We compared 30-day mortality between the ICU and HDU groups using the Kaplan–Meier method and log-rank test and estimated the hazard ratio using multivariable Cox proportional hazard models, adjusting for the covariates mentioned above. Patients who were transferred to other hospitals and discharged within 30 days of hospitalization were censored. The survival period was calculated from the date of hospitalization to the date of death from any cause within 30 days. Secondary outcomes were analyzed using a logistic regression model to evaluate the association between ICU admission and in-hospital mortality. A linear regression model was used to assess the length of ICU (or HDU) stay, length of hospital stay, and Barthel index on discharge. We adjusted all secondary outcomes for the same covariates as those in the survival analysis.
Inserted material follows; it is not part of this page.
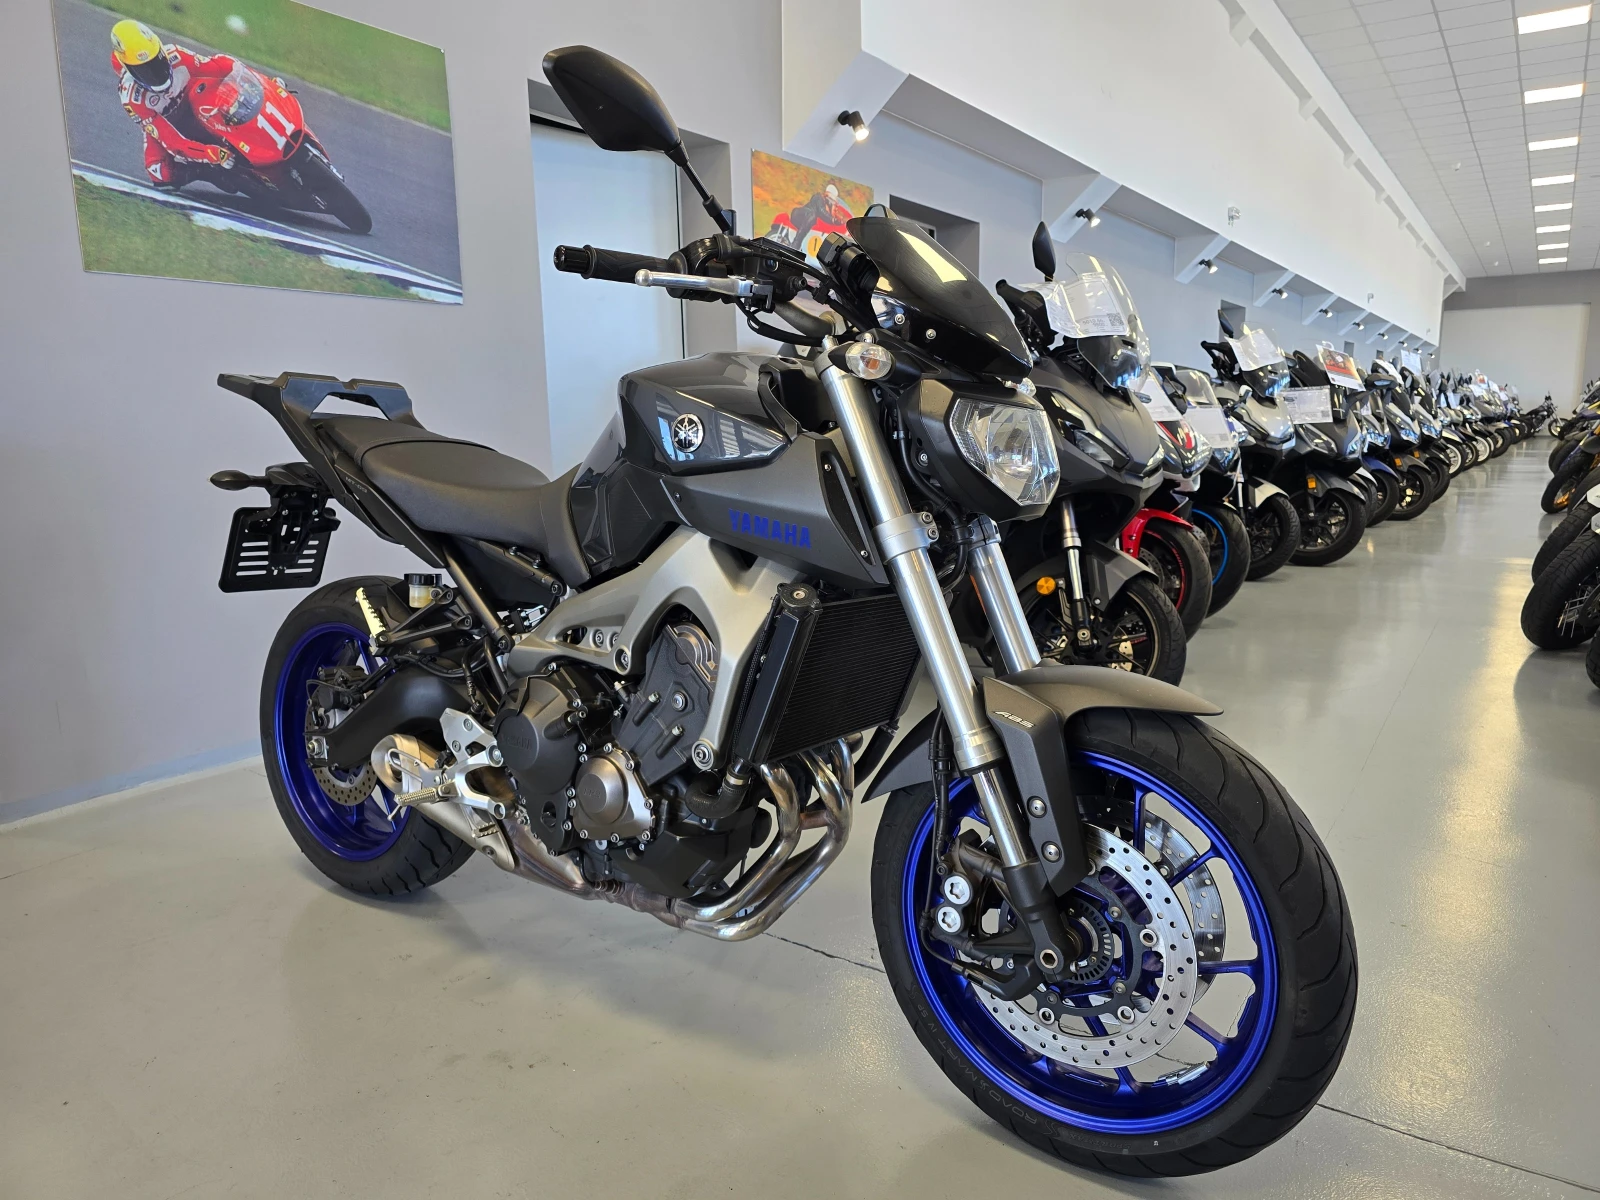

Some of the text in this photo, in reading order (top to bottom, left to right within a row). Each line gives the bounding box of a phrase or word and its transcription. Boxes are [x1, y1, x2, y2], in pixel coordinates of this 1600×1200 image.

[257, 101, 296, 150] 11
[728, 508, 812, 550] YAMAHA
[993, 711, 1035, 728] ABS
Subgroup analyses were performed for age, procedures performed on the day of hospitalization, and the source of infection. Sensitivity analyses were performed for limited populations as follows: (a) population which include the patients who met the exclusion criteria; (b) population with ICD-9 codes for infection and organ dysfunction from a previous study that did not match ICD-10 codes, supplemented with the corresponding ICD-10 codes (supplement ICD-9 codes: A41.50, A41.51, A41.52, A41.58 with ICD-10 code: A498, supplement ICD-9 code: R572 with ICD-10 code: A419); (c) admission to hospitals with both ICUs and HDUs; (d) 14-day all-cause mortality, and (e) in-hospital mortality. We conducted sensitivity analyses by changing the definition of exposure and comparison (f): (1) “ICU management fee 1” vs. “ICU management fee 3” and “Emergency and critical care unit management fee 2” to examine whether “ICU management fee 1” had better outcomes in ICUs; (2) “ICU management fee 1” vs. “Emergency and critical care unit management fee 1”, to compare outcomes for the most resource-rich ICUs and HDUs, respectively; (3) “ICU management fee 3” and “Emergency and critical care unit management fee 2” vs. “Emergency and critical care unit management fee 1”, to compare outcomes in more resource-poor ICUs to those in the most resource-rich HDUs. We also performed propensity score matching analyses using the nearest neighbor matching (g): (1) caliper width of 0.1 of the standard deviation; (2) caliper width of 0.2 of the standard deviation. A multivariable logistic regression model using all the covariates same as the primary analysis was employed to compute the propensity scores for patients admitted to the ICUs on the day of hospitalization. The statistical significance level was set at a two-tailed p < 0.05, and all statistical analyses were conducted using SAS ver. 9.4 (SAS Institute Inc., Cary, NC, USA).